* [Data shown]:
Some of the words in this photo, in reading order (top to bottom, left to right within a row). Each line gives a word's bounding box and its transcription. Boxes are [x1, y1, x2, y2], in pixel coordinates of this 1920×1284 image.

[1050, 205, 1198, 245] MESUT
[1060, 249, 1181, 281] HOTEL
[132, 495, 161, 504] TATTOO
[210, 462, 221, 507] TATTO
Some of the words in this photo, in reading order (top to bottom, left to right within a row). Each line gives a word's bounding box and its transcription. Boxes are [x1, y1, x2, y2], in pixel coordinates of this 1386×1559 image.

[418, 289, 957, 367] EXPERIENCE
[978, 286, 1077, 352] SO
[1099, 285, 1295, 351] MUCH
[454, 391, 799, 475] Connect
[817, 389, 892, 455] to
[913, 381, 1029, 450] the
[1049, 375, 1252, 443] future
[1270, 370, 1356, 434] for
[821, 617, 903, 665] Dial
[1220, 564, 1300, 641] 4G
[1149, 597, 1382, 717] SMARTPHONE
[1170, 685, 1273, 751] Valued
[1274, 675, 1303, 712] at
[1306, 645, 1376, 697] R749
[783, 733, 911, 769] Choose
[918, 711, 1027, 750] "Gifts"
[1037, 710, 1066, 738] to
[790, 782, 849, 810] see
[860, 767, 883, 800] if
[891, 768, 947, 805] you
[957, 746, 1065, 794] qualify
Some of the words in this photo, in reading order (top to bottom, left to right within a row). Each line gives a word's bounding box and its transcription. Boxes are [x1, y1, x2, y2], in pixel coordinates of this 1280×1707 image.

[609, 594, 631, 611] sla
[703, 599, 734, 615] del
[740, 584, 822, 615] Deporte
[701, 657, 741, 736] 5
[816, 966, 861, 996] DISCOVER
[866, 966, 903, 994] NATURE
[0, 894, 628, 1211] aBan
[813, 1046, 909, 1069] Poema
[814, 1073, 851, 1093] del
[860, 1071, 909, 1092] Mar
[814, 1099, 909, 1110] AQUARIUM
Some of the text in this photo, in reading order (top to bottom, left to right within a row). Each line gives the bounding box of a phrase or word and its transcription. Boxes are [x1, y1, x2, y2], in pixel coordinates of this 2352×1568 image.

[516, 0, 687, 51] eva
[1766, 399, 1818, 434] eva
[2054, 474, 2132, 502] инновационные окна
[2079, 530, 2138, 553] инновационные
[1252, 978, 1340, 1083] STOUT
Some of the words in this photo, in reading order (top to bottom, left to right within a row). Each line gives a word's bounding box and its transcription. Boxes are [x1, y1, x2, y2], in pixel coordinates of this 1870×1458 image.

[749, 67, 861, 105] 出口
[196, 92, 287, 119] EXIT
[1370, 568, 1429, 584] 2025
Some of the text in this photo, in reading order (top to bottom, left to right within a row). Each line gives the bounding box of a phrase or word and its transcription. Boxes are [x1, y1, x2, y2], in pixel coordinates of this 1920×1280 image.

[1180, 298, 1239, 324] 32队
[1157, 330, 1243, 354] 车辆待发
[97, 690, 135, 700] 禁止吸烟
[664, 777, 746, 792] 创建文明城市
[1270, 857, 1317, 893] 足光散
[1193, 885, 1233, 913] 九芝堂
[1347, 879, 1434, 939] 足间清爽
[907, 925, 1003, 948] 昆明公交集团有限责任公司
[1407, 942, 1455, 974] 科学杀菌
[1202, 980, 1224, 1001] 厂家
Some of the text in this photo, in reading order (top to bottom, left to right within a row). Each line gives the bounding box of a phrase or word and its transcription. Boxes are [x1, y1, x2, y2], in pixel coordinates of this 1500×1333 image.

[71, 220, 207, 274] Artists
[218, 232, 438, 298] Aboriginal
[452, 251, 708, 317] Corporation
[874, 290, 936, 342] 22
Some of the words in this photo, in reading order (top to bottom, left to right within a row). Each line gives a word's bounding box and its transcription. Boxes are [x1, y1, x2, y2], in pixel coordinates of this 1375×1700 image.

* [Prompt]: Transcribe every record exactly.

* [Task solution]:
Some of the words in this photo, in reading order (top to bottom, left to right within a row). Each line gives a word's bounding box and its transcription. Boxes are [x1, y1, x2, y2], in pixel coordinates of this 1920×1284 image.

[1050, 205, 1198, 245] MESUT
[1060, 249, 1181, 281] HOTEL
[132, 495, 161, 504] TATTOO
[210, 462, 221, 507] TATTO
Some of the words in this photo, in reading order (top to bottom, left to right within a row). Each line gives a word's bounding box and its transcription. Boxes are [x1, y1, x2, y2], in pixel coordinates of this 1386×1559 image.

[418, 289, 957, 367] EXPERIENCE
[978, 286, 1077, 352] SO
[1099, 285, 1295, 351] MUCH
[454, 391, 799, 475] Connect
[817, 389, 892, 455] to
[913, 381, 1029, 450] the
[1049, 375, 1252, 443] future
[1270, 370, 1356, 434] for
[821, 617, 903, 665] Dial
[1220, 564, 1300, 641] 4G
[1149, 597, 1382, 717] SMARTPHONE
[1170, 685, 1273, 751] Valued
[1274, 675, 1303, 712] at
[1306, 645, 1376, 697] R749
[783, 733, 911, 769] Choose
[918, 711, 1027, 750] "Gifts"
[1037, 710, 1066, 738] to
[790, 782, 849, 810] see
[860, 767, 883, 800] if
[891, 768, 947, 805] you
[957, 746, 1065, 794] qualify
Some of the words in this photo, in reading order (top to bottom, left to right within a row). Each line gives a word's bounding box and its transcription. Boxes are [x1, y1, x2, y2], in pixel coordinates of this 1280×1707 image.

[609, 594, 631, 611] sla
[703, 599, 734, 615] del
[740, 584, 822, 615] Deporte
[701, 657, 741, 736] 5
[816, 966, 861, 996] DISCOVER
[866, 966, 903, 994] NATURE
[0, 894, 628, 1211] aBan
[813, 1046, 909, 1069] Poema
[814, 1073, 851, 1093] del
[860, 1071, 909, 1092] Mar
[814, 1099, 909, 1110] AQUARIUM
Some of the text in this photo, in reading order (top to bottom, left to right within a row). Each line gives the bounding box of a phrase or word and its transcription. Boxes are [x1, y1, x2, y2], in pixel coordinates of this 2352×1568 image.

[516, 0, 687, 51] eva
[1766, 399, 1818, 434] eva
[2054, 474, 2132, 502] инновационные окна
[2079, 530, 2138, 553] инновационные
[1252, 978, 1340, 1083] STOUT
Some of the words in this photo, in reading order (top to bottom, left to right within a row). Each line gives a word's bounding box and its transcription. Boxes are [x1, y1, x2, y2], in pixel coordinates of this 1870×1458 image.

[749, 67, 861, 105] 出口
[196, 92, 287, 119] EXIT
[1370, 568, 1429, 584] 2025
Some of the text in this photo, in reading order (top to bottom, left to right within a row). Each line gives the bounding box of a phrase or word and its transcription. Boxes are [x1, y1, x2, y2], in pixel coordinates of this 1920×1280 image.

[1180, 298, 1239, 324] 32队
[1157, 330, 1243, 354] 车辆待发
[97, 690, 135, 700] 禁止吸烟
[664, 777, 746, 792] 创建文明城市
[1270, 857, 1317, 893] 足光散
[1193, 885, 1233, 913] 九芝堂
[1347, 879, 1434, 939] 足间清爽
[907, 925, 1003, 948] 昆明公交集团有限责任公司
[1407, 942, 1455, 974] 科学杀菌
[1202, 980, 1224, 1001] 厂家
Some of the text in this photo, in reading order (top to bottom, left to right within a row). Each line gives the bounding box of a phrase or word and its transcription. Boxes are [x1, y1, x2, y2], in pixel coordinates of this 1500×1333 image.

[71, 220, 207, 274] Artists
[218, 232, 438, 298] Aboriginal
[452, 251, 708, 317] Corporation
[874, 290, 936, 342] 22
Some of the words in this photo, in reading order (top to bottom, left to right within a row). Each line gives a word's bounding box and its transcription. Boxes are [x1, y1, x2, y2], in pixel coordinates of this 1375×1700 image.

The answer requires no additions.